A good blog or website to an avid reader is like a daily devotional to a devout Christian. Devout Christians will tell you that different devotionals appeal to different people and purposes. So, choosing the right fit is of utmost importance, and the same goes for choosing a blog or website. Afreada.com and Brittlepaper.com are great resources for short stories from all around Africa, both delivering new content each week. Thenakedconvos.com have garnered a large following hosting a community of youth that discusses opinion on everything from sex and relationships to pop culture and politics. And for more in-depth analysis of social issues, republic.com.ng and stearsng.com would be more ideal fits.

Find an online bookstore

The internet has changed the mode of buying books, but mostly for the better. Konga.com and Jumia.com have an inventory of the most popular books of fiction and nonfiction. For more diverse options, brick and mortar bookstores such as Laterna and Patabah have a strong online presence via websites and social media pages where books could be ordered for delivery. You also have the option of getting your books from okadabooks.com.

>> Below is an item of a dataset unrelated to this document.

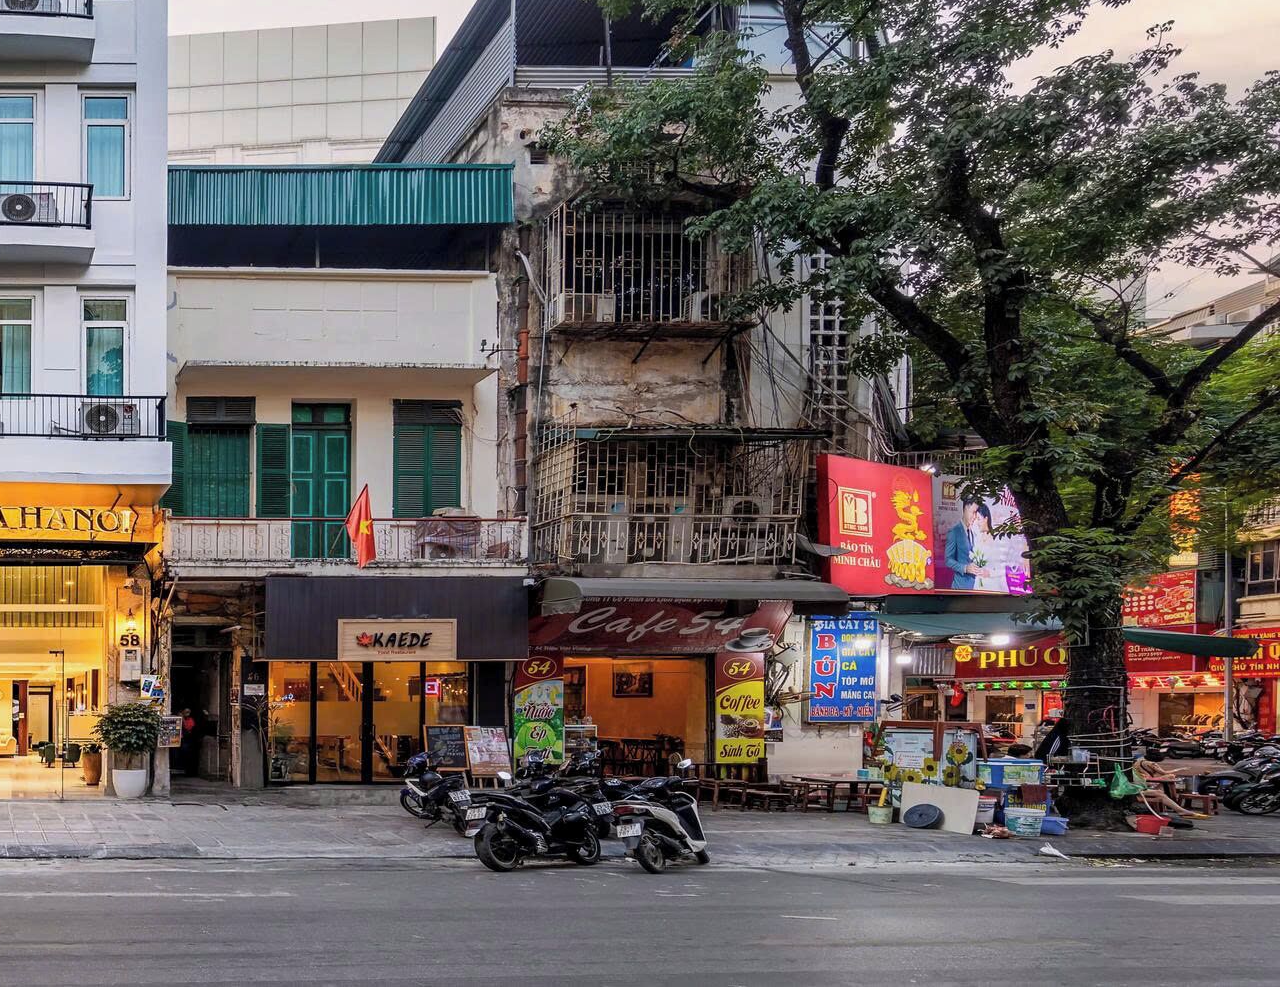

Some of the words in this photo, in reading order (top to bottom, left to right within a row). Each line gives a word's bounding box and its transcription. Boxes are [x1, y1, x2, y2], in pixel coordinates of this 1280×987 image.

Bookshelf. Photo credit: Instagram/Mostlylitpod.

Join an online book club

The network effect of social media that has increased the connectivity of people has also grown the book club culture in Nigeria. The model is simple. Find people with similar interests on social media, choose a new title to read every week or month and plan to meet over social media or in real life to discuss. The Abuja Literary Society and the Barely Literate Bookclub in Lagos and The Read Club which have branches in multiple cities are examples of existing book clubs if you would rather not go through the grit work of starting your own.

Get a Kindle reader

For readers whose living spaces or lifestyles do not have enough provision for physical books, a Kindle reader is a one stop solution where you could store and read soft copies of your favourite books on any of your favourite devices.